Dormir bien no es un lujo, sino una necesidad biológica clave para la salud física y mental. Sin embargo, alcanzar las siete u ocho horas de sueño recomendadas por noche sigue siendo un desafío para muchas personas. Según una encuesta reciente de YouGov en el Reino Unido, apenas uno de cada cuatro adultos logra dormir ocho horas, pese a que la mayoría desea hacerlo.
Falta de sueño: consejos científicos para mejorar el descanso nocturno
Especialistas en medicina coinciden en que el descanso nocturno impacta directamente en la concentración, la estabilidad emocional, el sistema cardiovascular y el metabolismo. La privación crónica, advierten, puede aumentar el riesgo de hipertensión, diabetes, enfermedades cardíacas e incluso depresión.

En este contexto, expertos internacionales difundieron siete hábitos respaldados por la evidencia científica que ayudan a conciliar el sueño más rápido y mejorar su calidad:
1. Exponerse a la luz natural por la mañana.
La luz solar temprana sincroniza el reloj biológico o ritmo circadiano, facilitando que el cuerpo sienta sueño a la hora adecuada.
2. Evitar siestas después de las 16.
Dormir tarde durante el día puede interferir con el descanso nocturno y generar insomnio.
3. No hacer ejercicio intenso antes de acostarse.
Si bien la actividad física mejora el sueño, practicarla una o dos horas antes de dormir puede activar el organismo y retrasar el descanso.
4. Revisar el colchón y la ropa de cama.
Un colchón en mal estado o con más de siete años de uso puede afectar la postura y la temperatura corporal, dificultando el sueño profundo.
5. Mantener la habitación fresca.
La temperatura ideal para dormir oscila entre los 16 y 18 grados. Un ambiente más frío favorece la conciliación del sueño.
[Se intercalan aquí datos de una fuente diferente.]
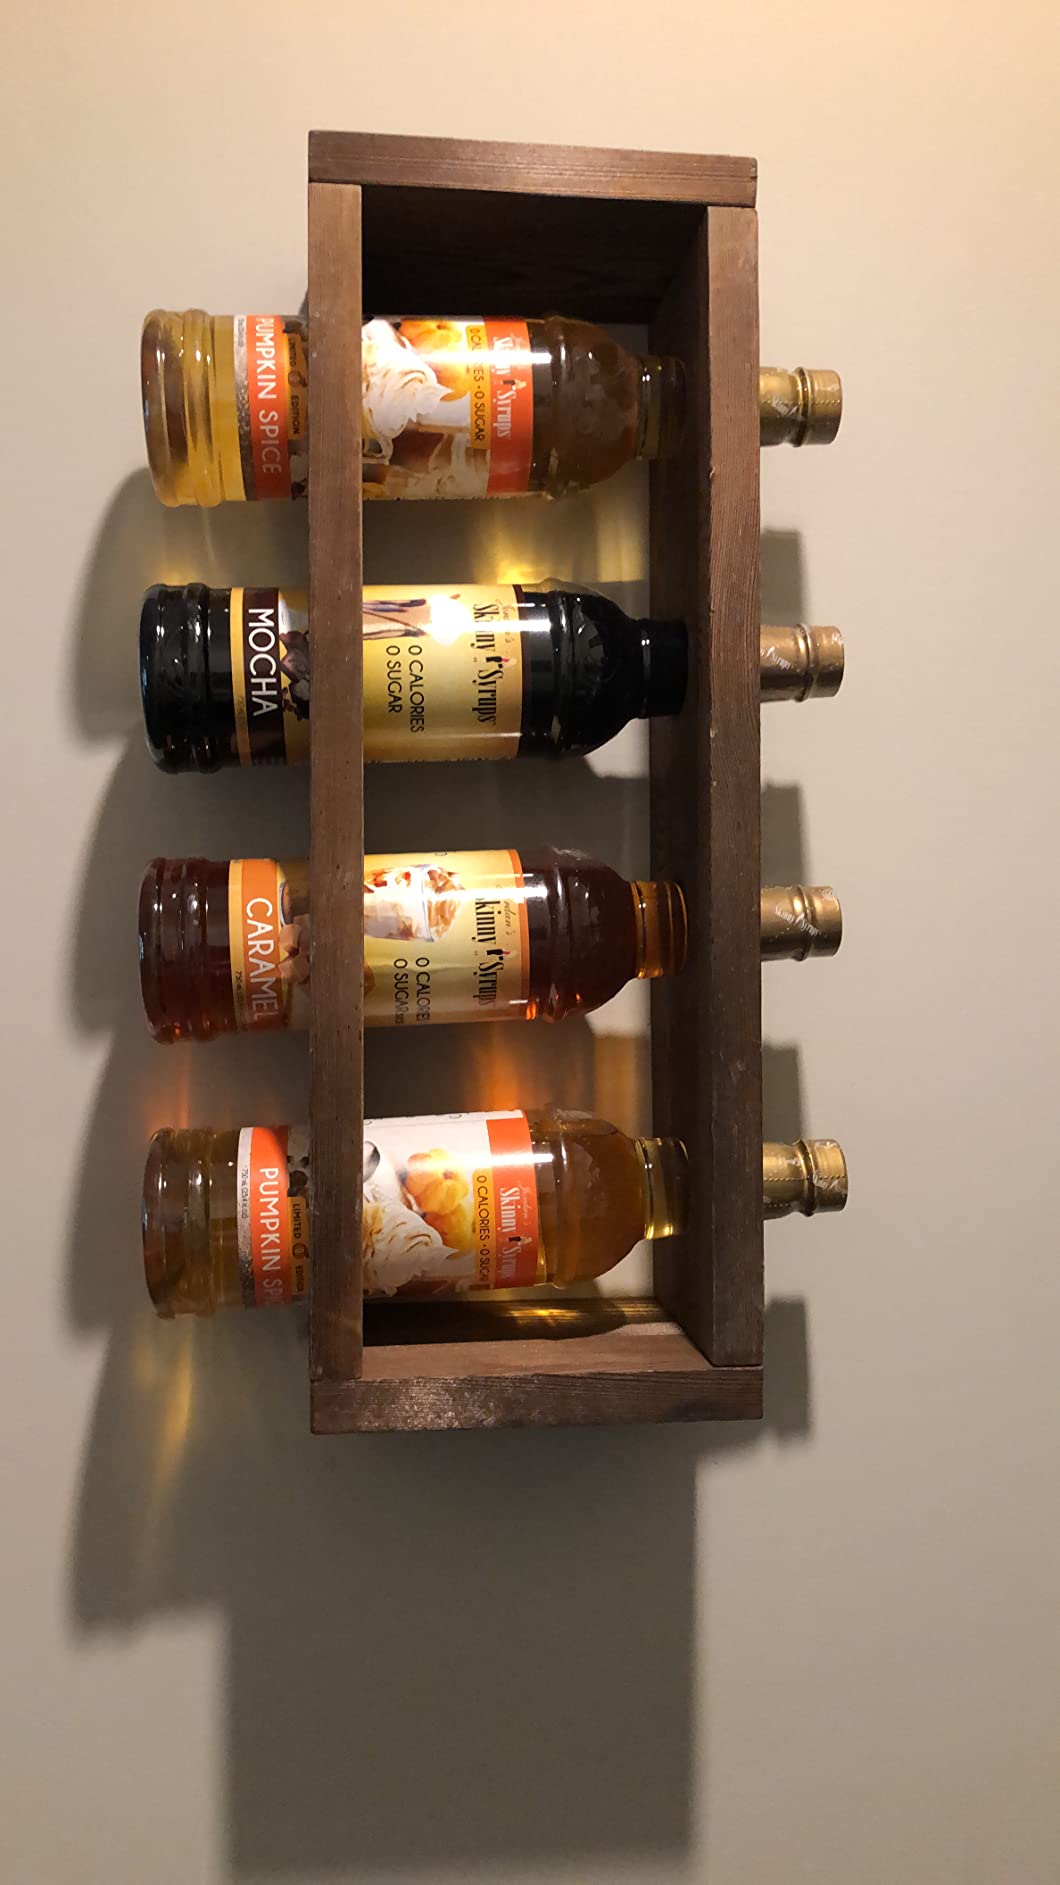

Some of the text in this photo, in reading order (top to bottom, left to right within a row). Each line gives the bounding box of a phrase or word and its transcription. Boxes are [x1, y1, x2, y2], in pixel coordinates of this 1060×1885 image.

6. Sostener horarios regulares.
Acostarse y levantarse a la misma hora todos los días fortalece el ritmo circadiano y mejora la calidad del descanso.
7. Reducir el estrés antes de dormir.
Técnicas de relajación, lectura o ejercicios de respiración ayudan a calmar el sistema nervioso. Los especialistas recomiendan evitar el uso de dispositivos electrónicos en la cama, especialmente para revisar noticias o correos laborales.
Diversos estudios científicos respaldan estas recomendaciones. Investigaciones publicadas en revistas médicas internacionales vinculan dormir menos de cinco horas con un mayor riesgo de enfermedades crónicas, además de asociar la falta de sueño con un mayor consumo de calorías y alimentos grasos.
Los expertos son contundentes: priorizar el sueño es invertir en salud. Adoptar hábitos simples y sostenidos en el tiempo puede transformar las noches y, en consecuencia, mejorar la calidad de vida.